Factories Closed by Court Order in Fire Prevention Campaign in New York

Factories Closed by Court Order in Fire Prevention Campaign in New York

Fire Commissioner Robert Adamson, of New York City, last week obtained from Justice Platzek, of the Supreme Court, an order directing that two buildings, one at 273 Canal street, and the other at 49-51 Elizabeth street, be closed until fire prevention regulations be complied with. This was the opening move by the Commissioner in a campaign to remedy fire dangers in more than 250 factory buildings in the city. Inspectors from the Bureau of Fire Prevention, accompanied by policemen and firemen, ordered occupants to vacate the premises. In both cases it was alleged the buildings had failed to comply with orders from the fire department. It was asserted that between May and December twelve orders had been served on the owners of the Canal street building and that five orders had been issued in the last three and a half years relative to the Elizabeth street building. According to the last inspection of the Canal street building it was reported to the Fire Commissioner that some eighty tons of cotton rags were stored on the upper floors.

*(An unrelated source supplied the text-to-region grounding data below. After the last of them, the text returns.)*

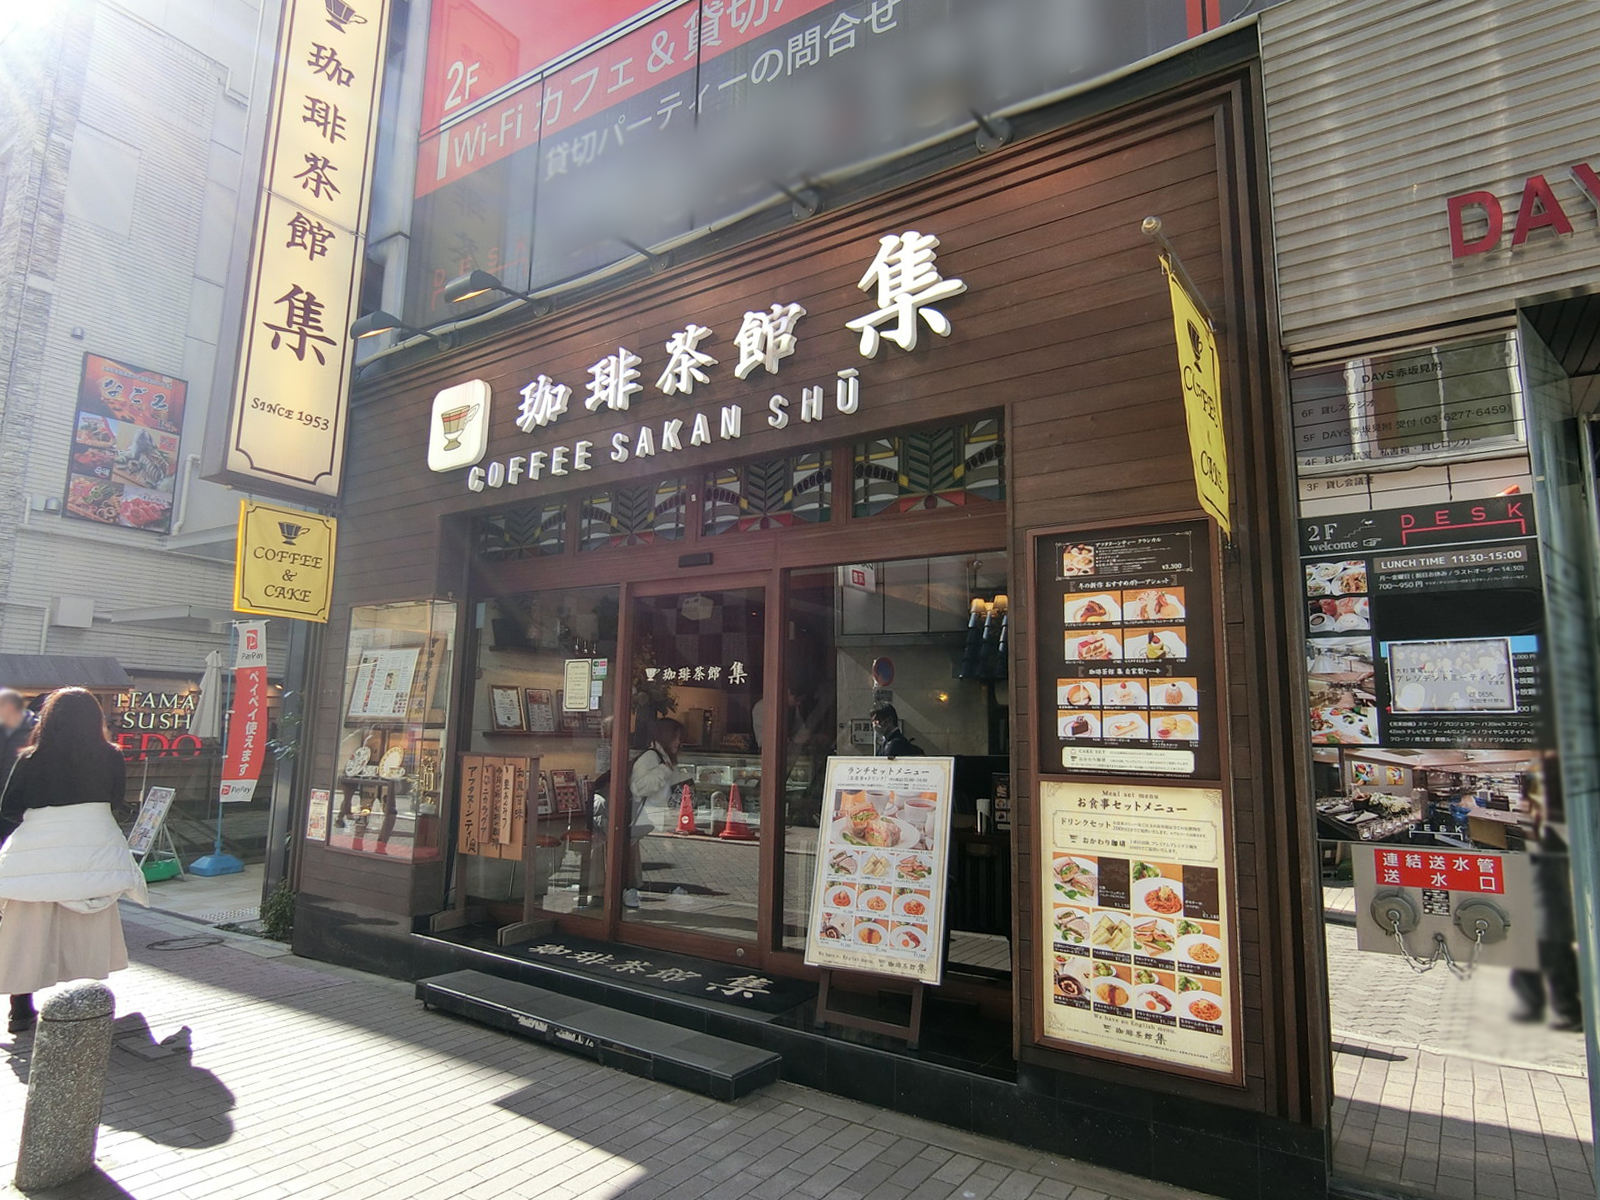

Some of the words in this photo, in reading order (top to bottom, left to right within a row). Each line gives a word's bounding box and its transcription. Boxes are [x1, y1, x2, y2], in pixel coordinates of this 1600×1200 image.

[446, 61, 480, 110] 2F
[453, 103, 523, 168] Wi-Fi
[286, 42, 355, 261] 珈琲茶館
[262, 283, 338, 366] 集
[515, 303, 807, 433] 珈琲茶館
[845, 230, 968, 358] 集
[251, 398, 294, 419] SINCE
[297, 411, 329, 431] 1953
[1301, 409, 1315, 418] 6F
[467, 440, 593, 493] COFFEE
[611, 405, 742, 463] SAKAN
[1303, 433, 1315, 443] 5F
[1304, 458, 1317, 466] 4F
[1306, 482, 1319, 491] 3F
[1401, 502, 1523, 529] DESK
[1309, 540, 1358, 552] welcome
[253, 546, 323, 569] COFFEE
[1381, 558, 1417, 570] LUNCH
[1419, 556, 1446, 566] TIME
[1451, 550, 1522, 564] 11:30-15:00
[282, 569, 298, 582] &
[264, 584, 312, 603] CAKE
[662, 666, 721, 681] 珈琲茶館
[728, 661, 748, 685] 集
[117, 692, 194, 710] ITAMA
[122, 711, 191, 730] SUSH
[238, 671, 260, 777] ペイペイ使えます
[116, 733, 203, 762] EDO
[1077, 797, 1188, 814] お食事セットメニュー
[1060, 817, 1111, 829] ドリンクセット
[1383, 852, 1494, 874] 連結送水管
[1384, 869, 1495, 891] 送水口
[529, 943, 702, 983] 珈琲茶館
[705, 975, 774, 998] 集

In case of fire this cotton would absorb large quantities of water, adding to the weight on the floors and the danger to the employees on each floor would be increased by the added weight on the floor above and in case of fire the work of the firemen would be impeded by it. The commissioner said that more than one hundred men and womfen were employed in the Elizabeth street building and quantities of nitric, sulphuric and muriatic acid stored on the upper floors add to the danger of the employees of the building in case of fire, it was asserted. In an affidavit the Commissioner quoted John Langford, who had declared that in his opinion if fire occurred in the Elizabeth street building not more than twenty of the employees woulud be able to make their escape in safety.